Император и императрица план одобрили. Государь внес только свою черту: велел выбросить древние языки, терпеть их не мог, в детстве сильно и бессмысленно был ими намучен.
Как некогда у самого Жуковского, день у наследника расписан по часам. Занятия, уроки, отдых, гимнастика, вечером «обозрение прошедшего дня и ведение журнала». По воскресеньям гости — сверстники из выбранных родителями. Игры, танцы, музыка (к ней наследник имел большое расположение).
Воспитанием заведует генерал Мердер, «воин» в духе императора Николая, им самим и назначенный (он должен приучать будущего императора к жизни суровой, чуть ли не походной — постель мальчика жестка, питание простое, игры чаще военные и т. п.).

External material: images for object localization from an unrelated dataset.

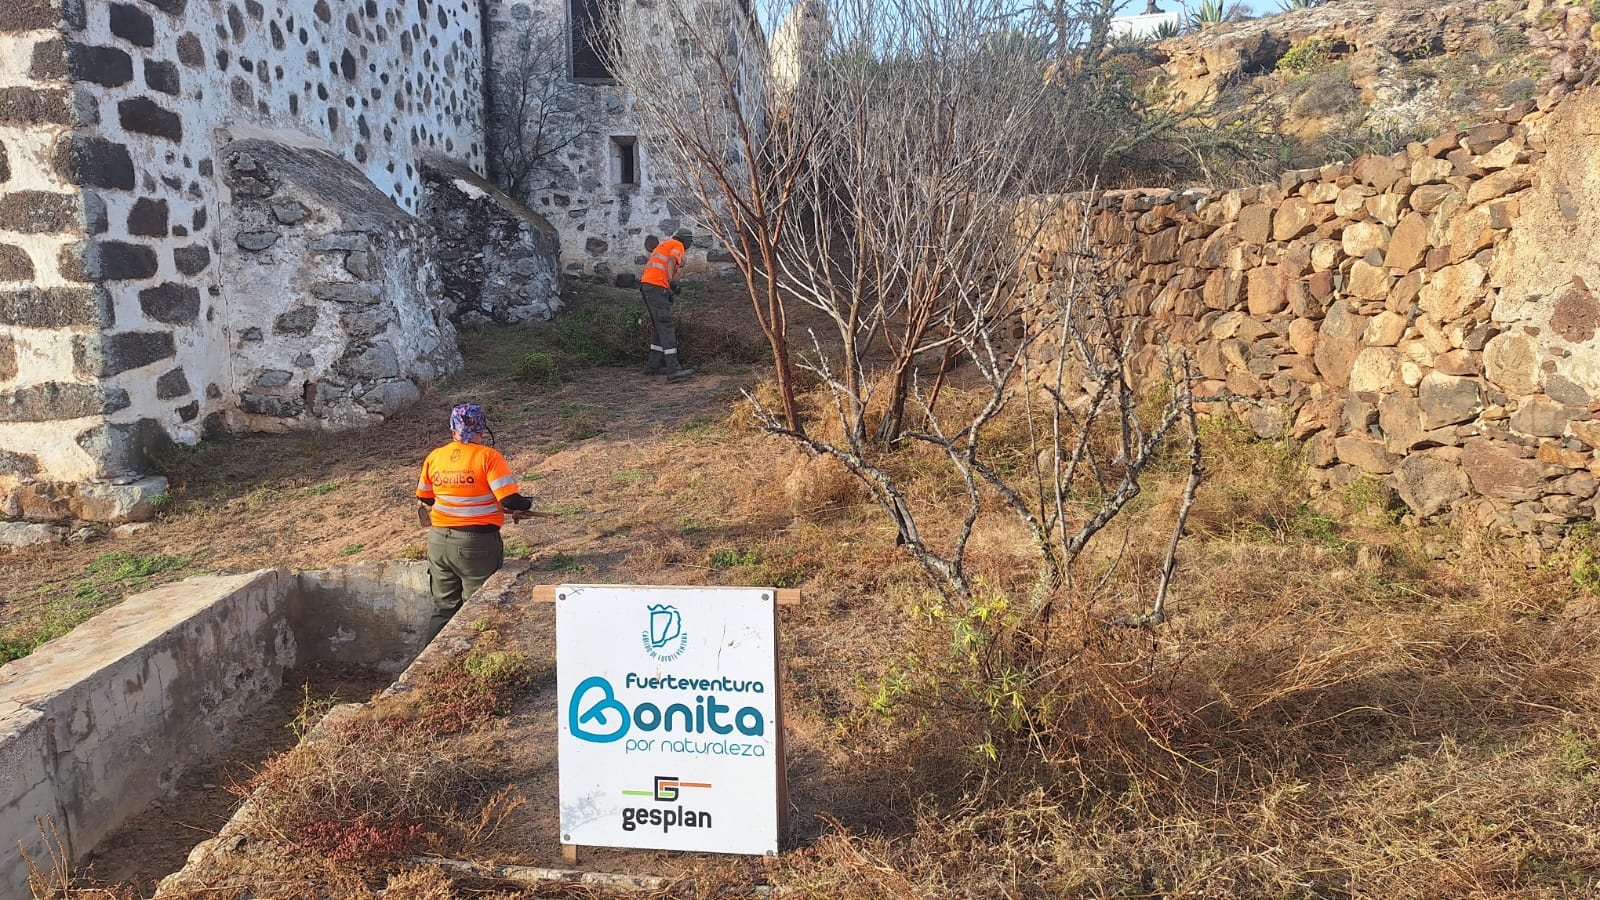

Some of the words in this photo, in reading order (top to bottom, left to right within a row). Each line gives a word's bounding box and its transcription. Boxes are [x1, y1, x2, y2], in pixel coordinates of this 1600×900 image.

[625, 672, 764, 694] Fuerteventura
[568, 675, 764, 744] Bonita
[625, 738, 655, 755] por
[660, 738, 765, 757] naturaleza
[621, 805, 713, 833] gesplan
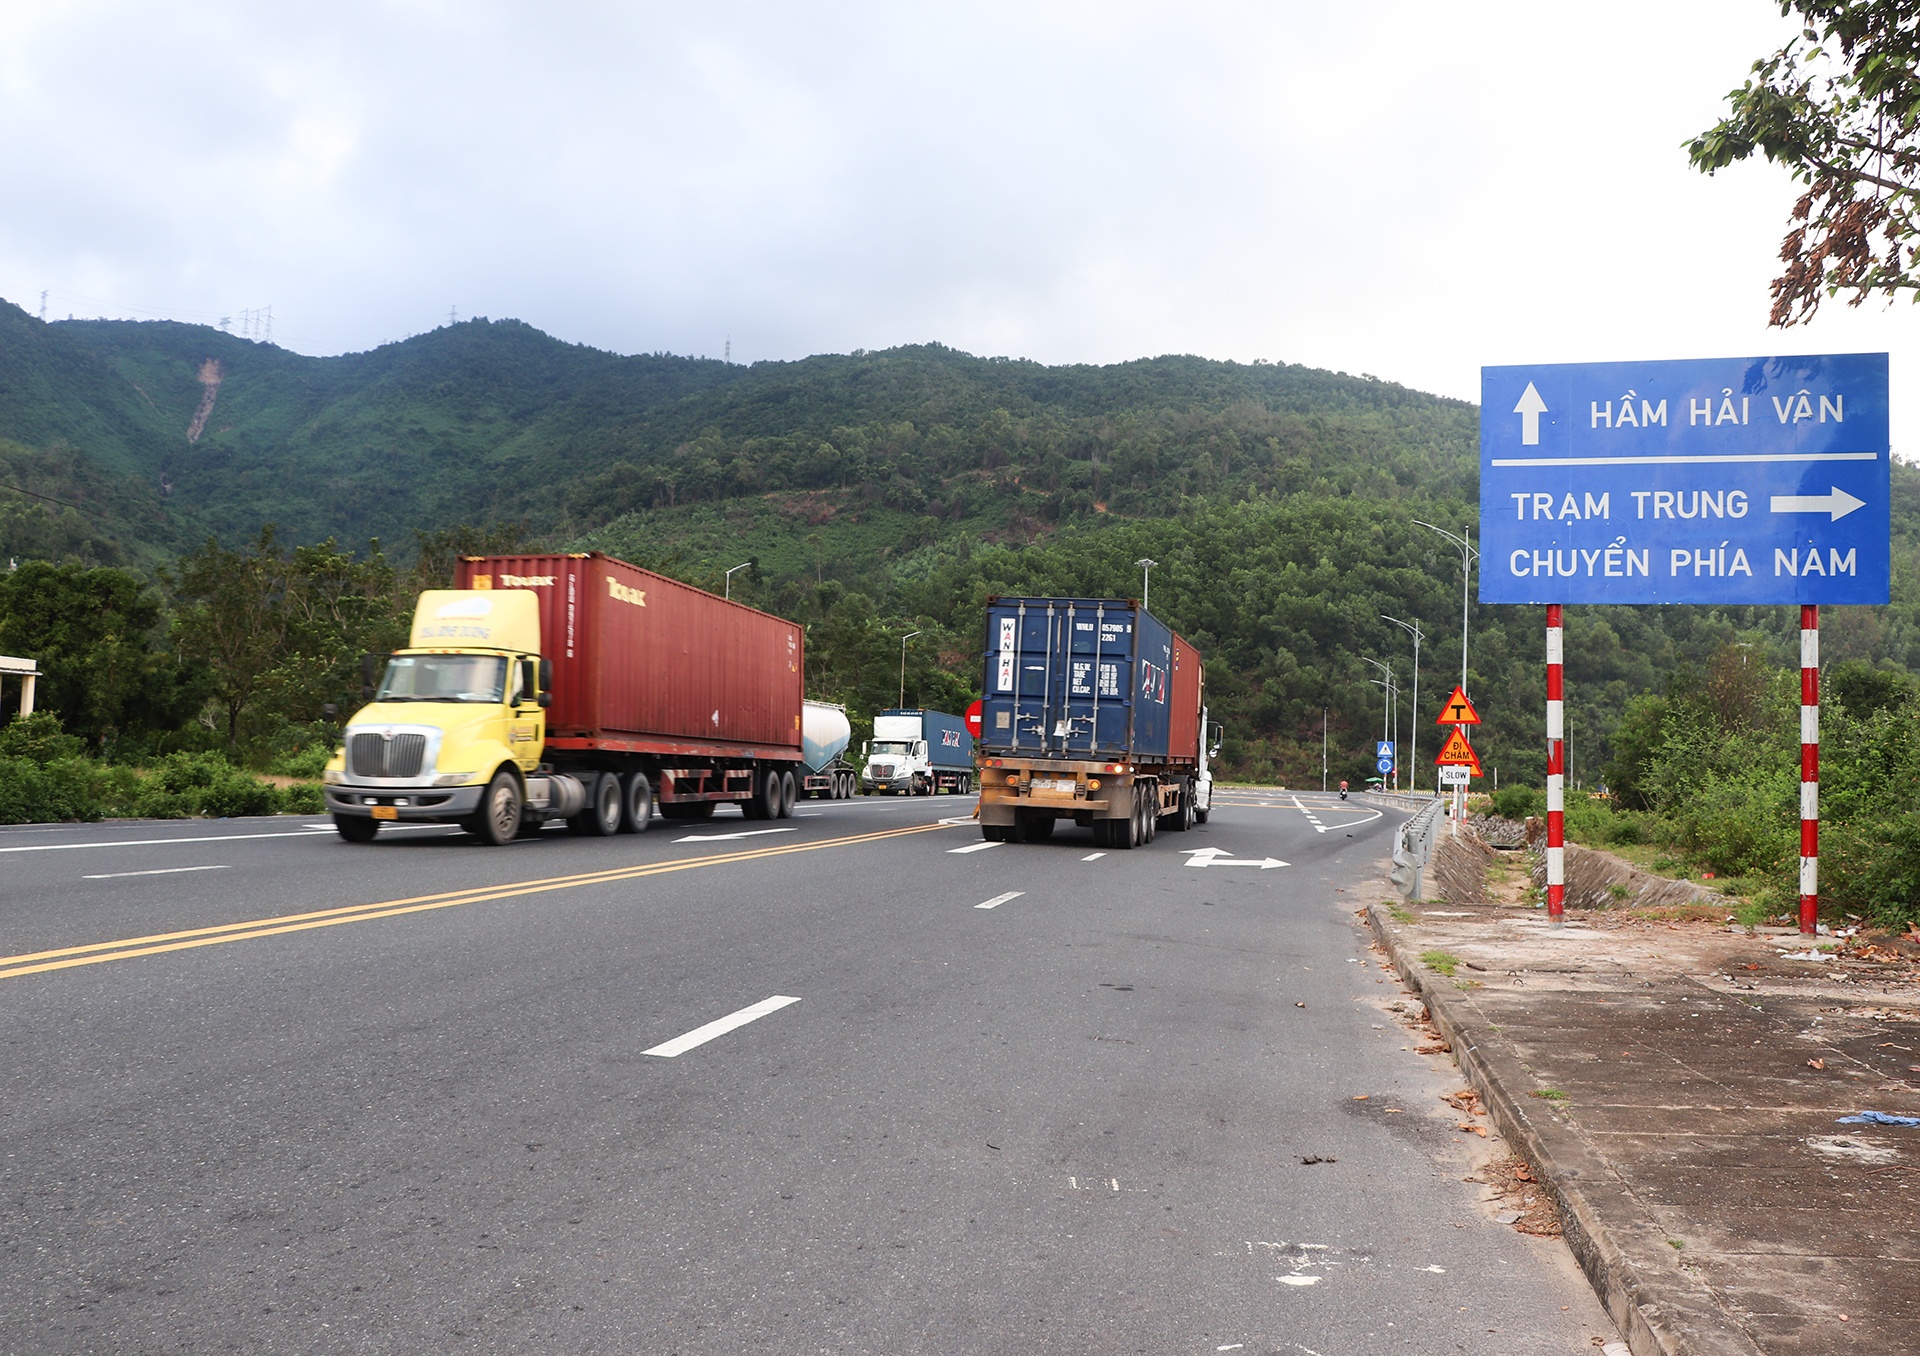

За Мердером государь, за Жуковским виднеется императрица — от Жуковского должна идти линия развития души, облагорожения ее высшими мирами. (Иерархически при этом Мердер был подчинен Жуковскому.)
Разумеется, вывезена из — за границы целая библиотека, карты, планы, глобусы, пособия. Набран штат учителей из выдающихся педагогов и профессоров. Среди них и академики, как Коллинс (математик), и впоследствии очень известный П. А. Плетнев (грамматика и русская словесность). Закон Божий преподавал выдающийся ученостию священник, протоиерей Андреевского собора отец Герасим Павский, назначенный самим императором.
Всем этим распоряжается Жуковский, за все ответствен. Сидит на уроках сам, входит во все мелочи. Наблюдают и родители. Императрица присутствует на ежемесячных испытаниях. На полугодовых, более торжественных, появляется и государь. Разумеется, они отлично осведомлены о ходе обучения, воспитания сына.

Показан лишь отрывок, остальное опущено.